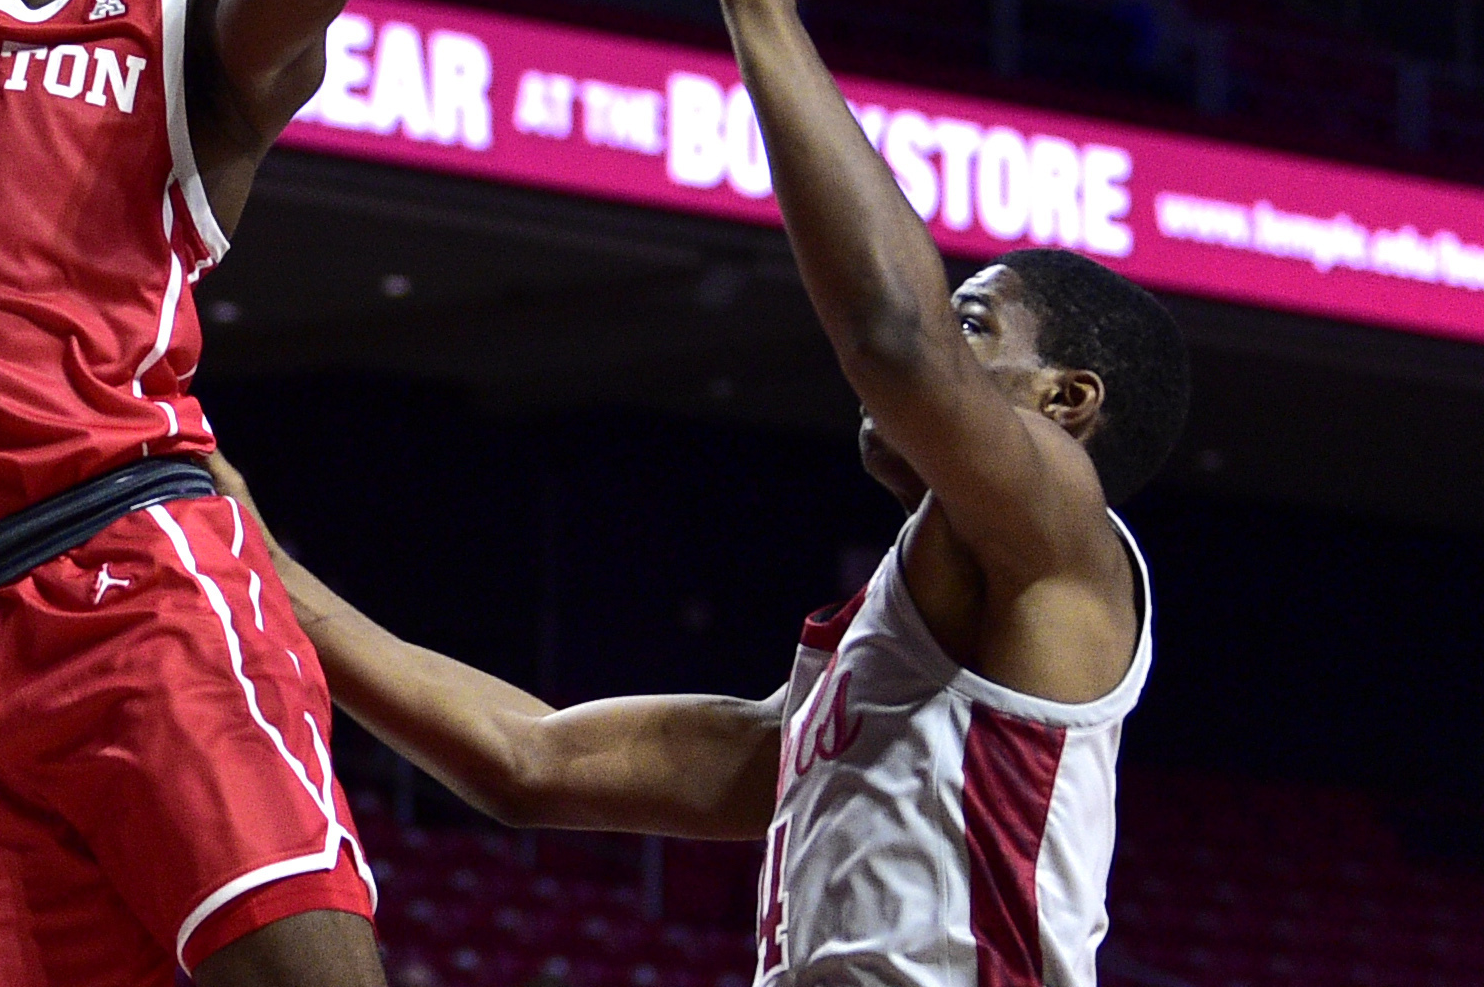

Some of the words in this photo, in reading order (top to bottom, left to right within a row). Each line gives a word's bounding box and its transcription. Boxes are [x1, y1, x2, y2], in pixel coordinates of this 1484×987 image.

[294, 15, 493, 151] EAR
[516, 70, 575, 139] AT
[582, 79, 665, 155] THE
[666, 72, 1134, 258] BOSTORE
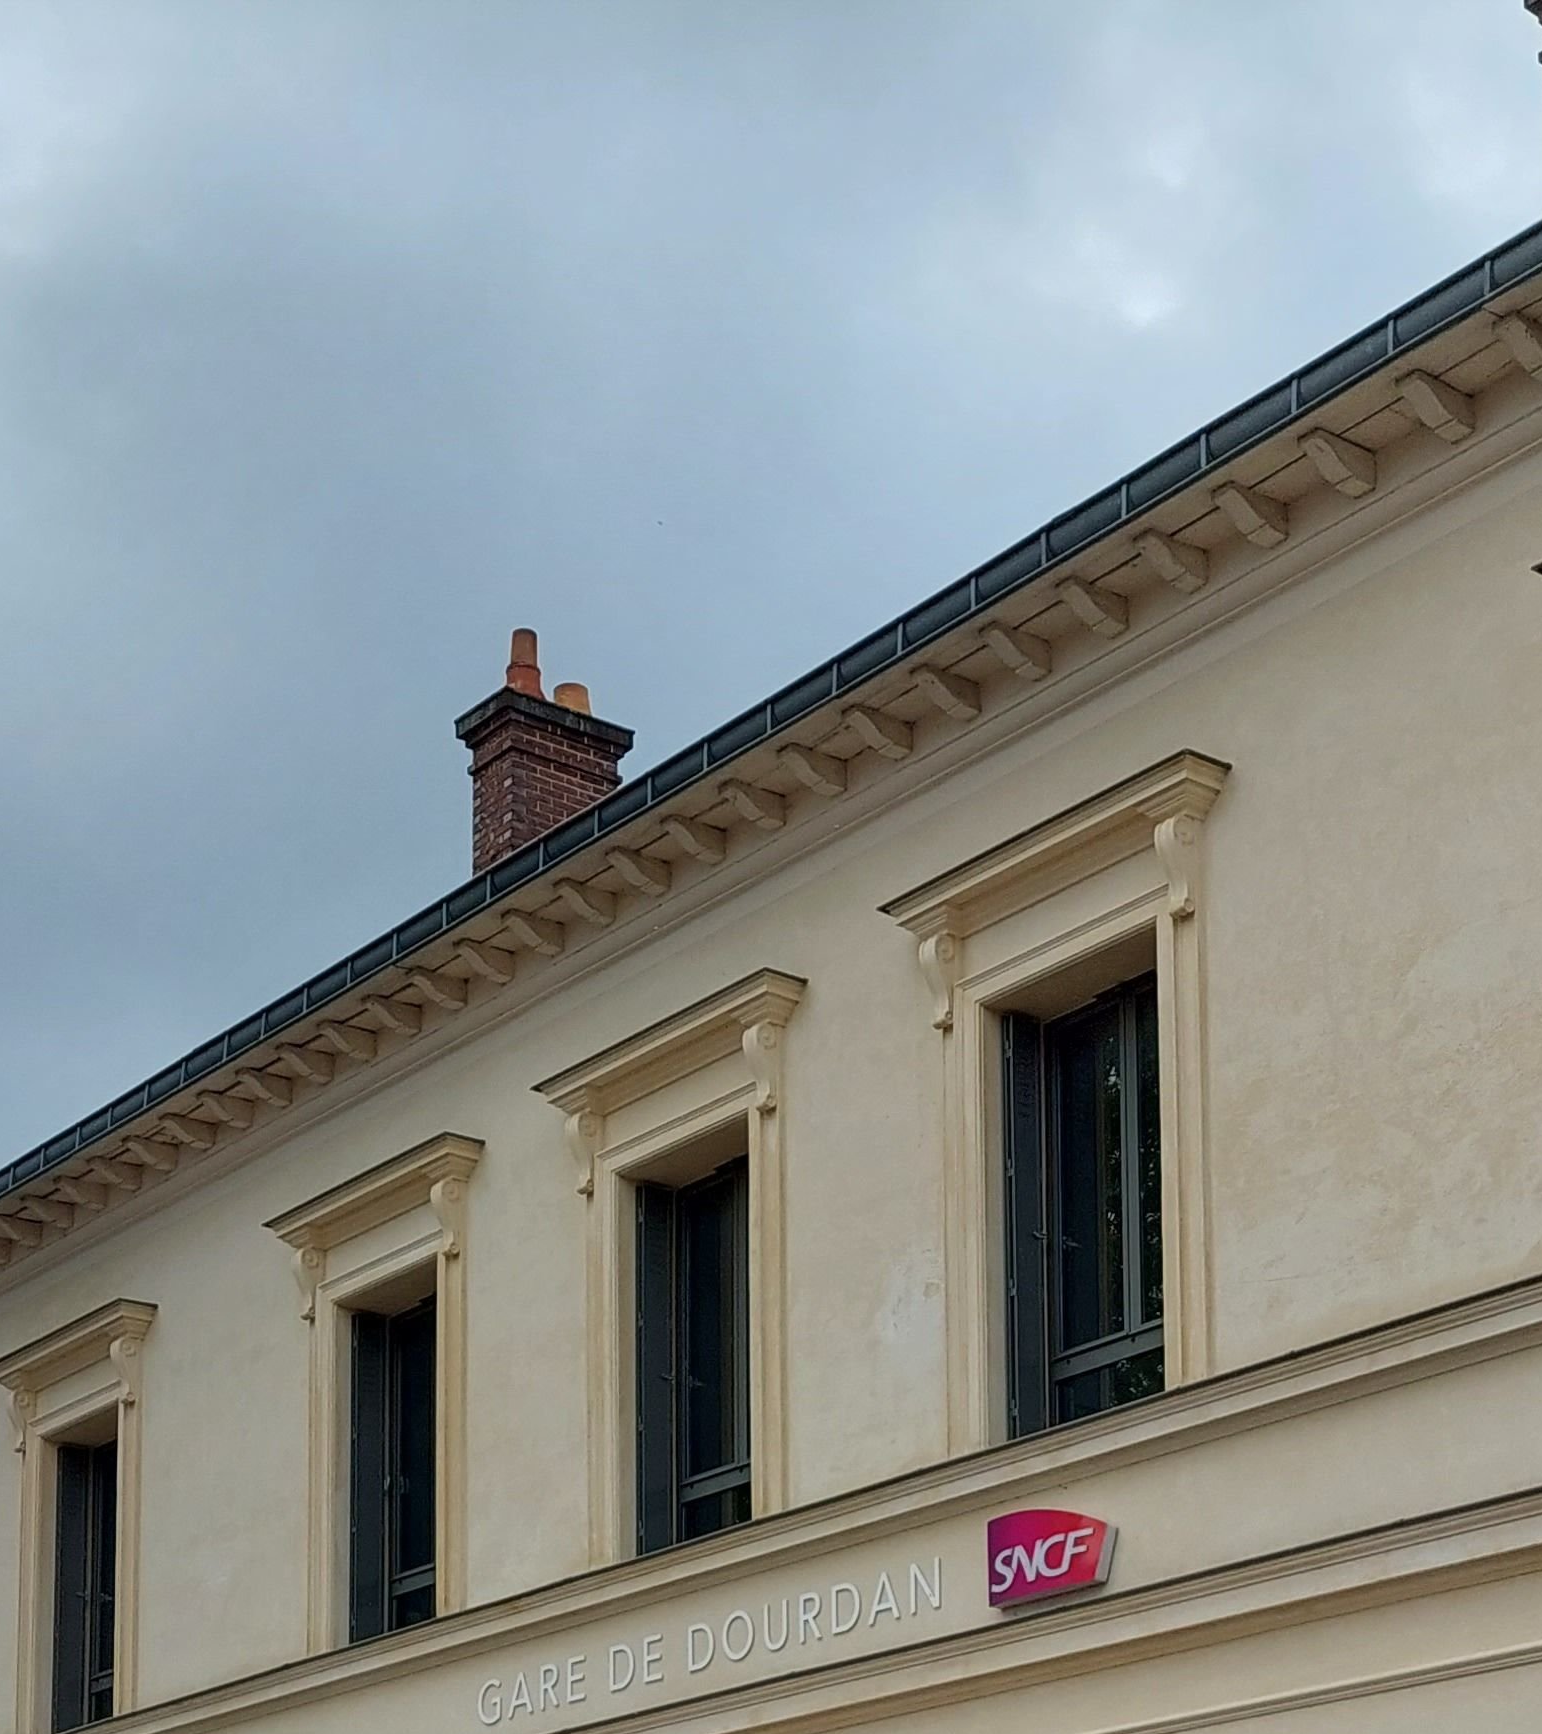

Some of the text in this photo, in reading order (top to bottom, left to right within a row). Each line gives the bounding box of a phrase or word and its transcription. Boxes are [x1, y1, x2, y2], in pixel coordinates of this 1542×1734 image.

[991, 1527, 1094, 1593] SNCF
[477, 1556, 943, 1725] GARE DE DOURDAN
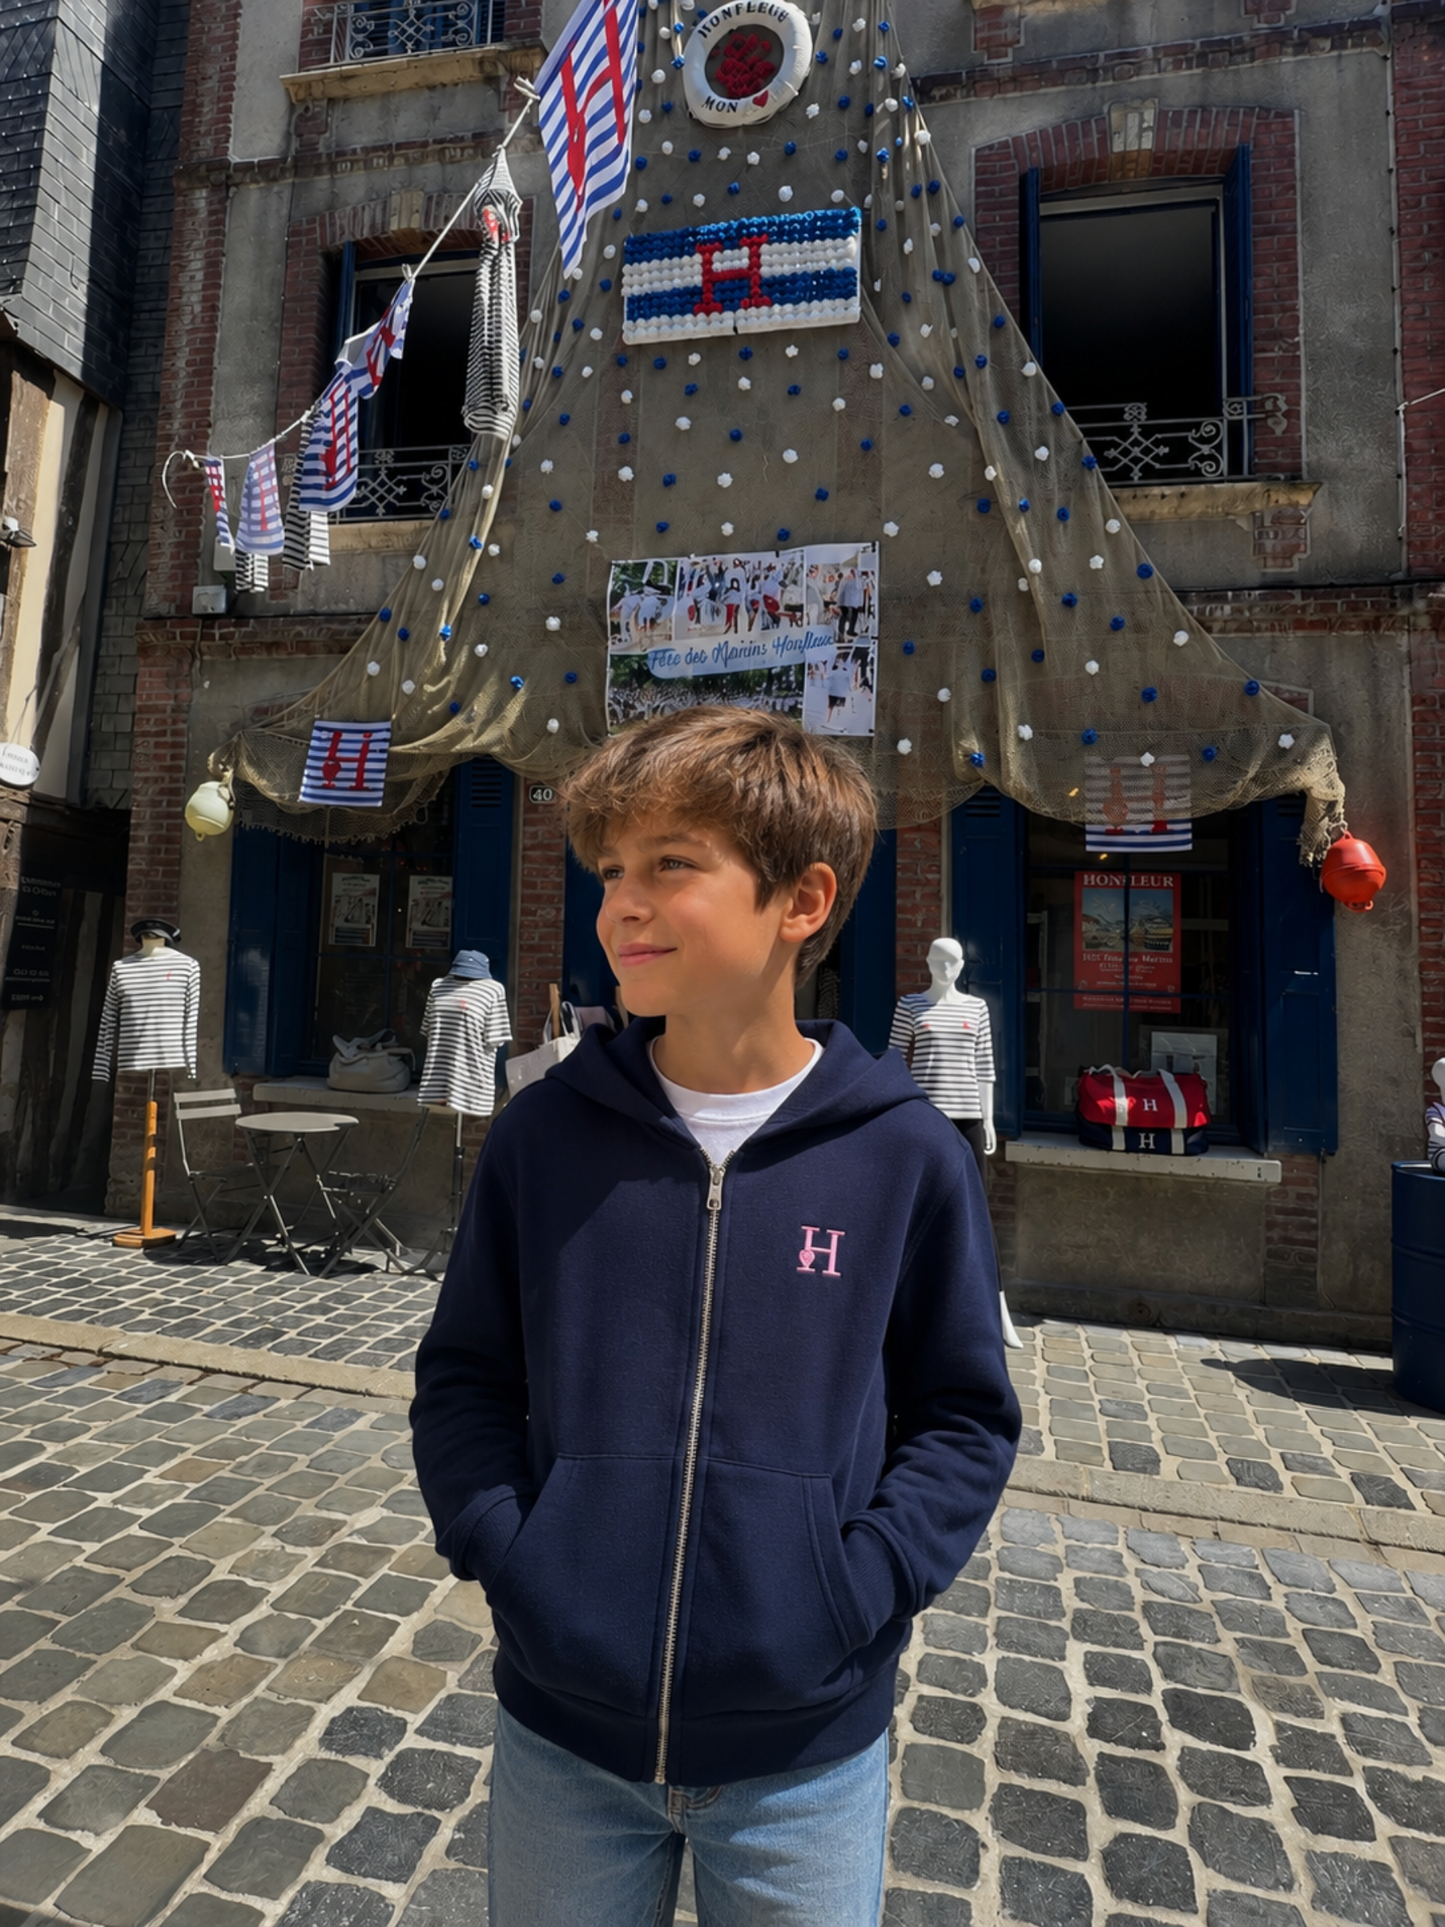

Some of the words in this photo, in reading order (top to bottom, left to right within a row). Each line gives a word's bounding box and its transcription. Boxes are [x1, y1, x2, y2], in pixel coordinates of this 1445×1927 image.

[702, 96, 739, 113] MON
[694, 234, 772, 315] H
[533, 788, 553, 801] 40
[1143, 1098, 1158, 1112] H
[1139, 1133, 1156, 1149] H
[796, 1225, 846, 1277] H
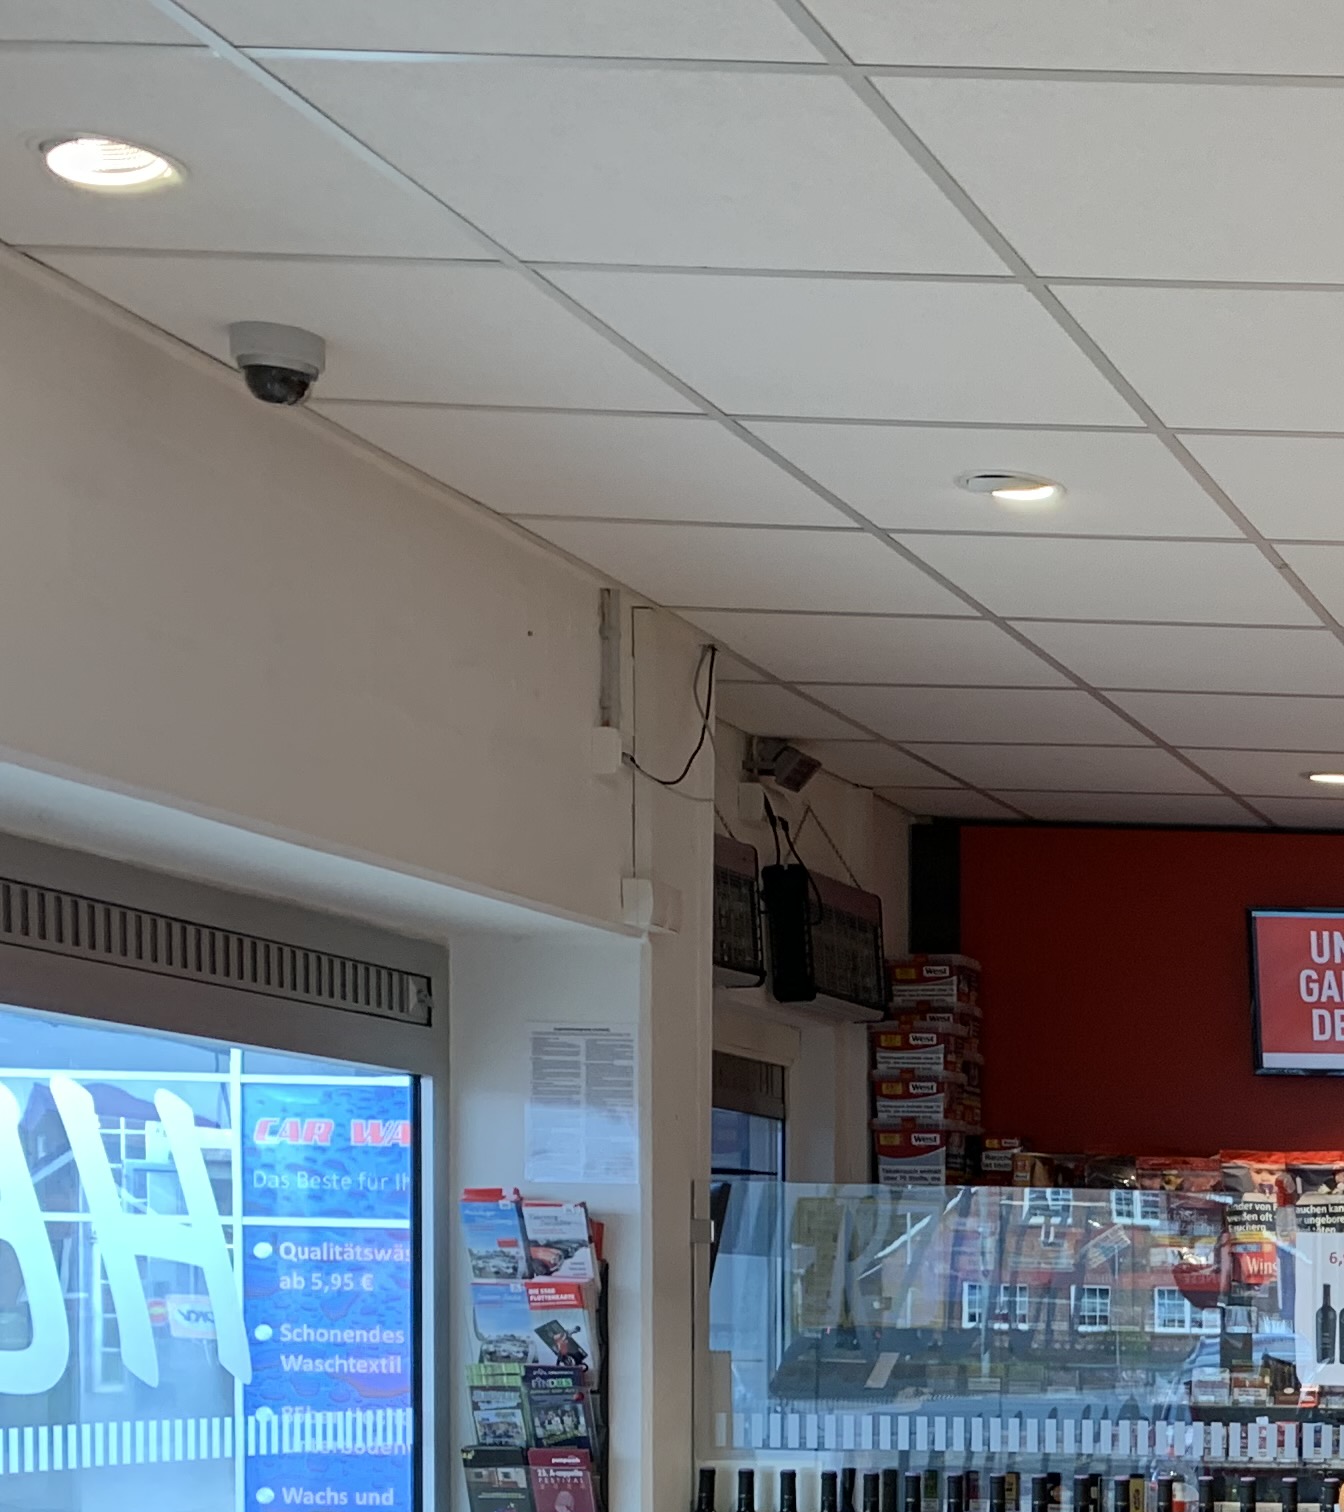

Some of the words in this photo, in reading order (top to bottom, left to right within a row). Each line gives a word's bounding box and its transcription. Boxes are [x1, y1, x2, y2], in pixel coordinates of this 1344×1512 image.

Brief:
The pictures in the entries above should be left out; all else must be copied exactly.

Solution:
Some of the words in this photo, in reading order (top to bottom, left to right within a row). Each line gives a word's bounding box and its transcription. Boxes are [x1, y1, x2, y2], in pixel coordinates of this 1484×987 image.

[294, 15, 493, 151] EAR
[516, 70, 575, 139] AT
[582, 79, 665, 155] THE
[666, 72, 1134, 258] BOSTORE

Some of the text in this photo, in reading order (top to bottom, left to right within a row). Each line gives the bounding box of a phrase or word and its transcription. Boxes are [x1, y1, x2, y2], in pixel coordinates of this 1542×1734 image.

[991, 1527, 1094, 1593] SNCF
[477, 1556, 943, 1725] GARE DE DOURDAN

Some of the words in this photo, in reading order (top to bottom, left to right within a row). Each line gives a word's bounding box and its transcription. Boxes are [x1, y1, x2, y2], in pixel coordinates of this 1445×1927 image.

[702, 96, 739, 113] MON
[694, 234, 772, 315] H
[533, 788, 553, 801] 40
[1143, 1098, 1158, 1112] H
[1139, 1133, 1156, 1149] H
[796, 1225, 846, 1277] H

Some of the words in this photo, in reading order (top to bottom, left to right within a row). Each line gives a word's bounding box and its transcription. Boxes are [x1, y1, x2, y2], in pixel coordinates of this 1344×1512 image.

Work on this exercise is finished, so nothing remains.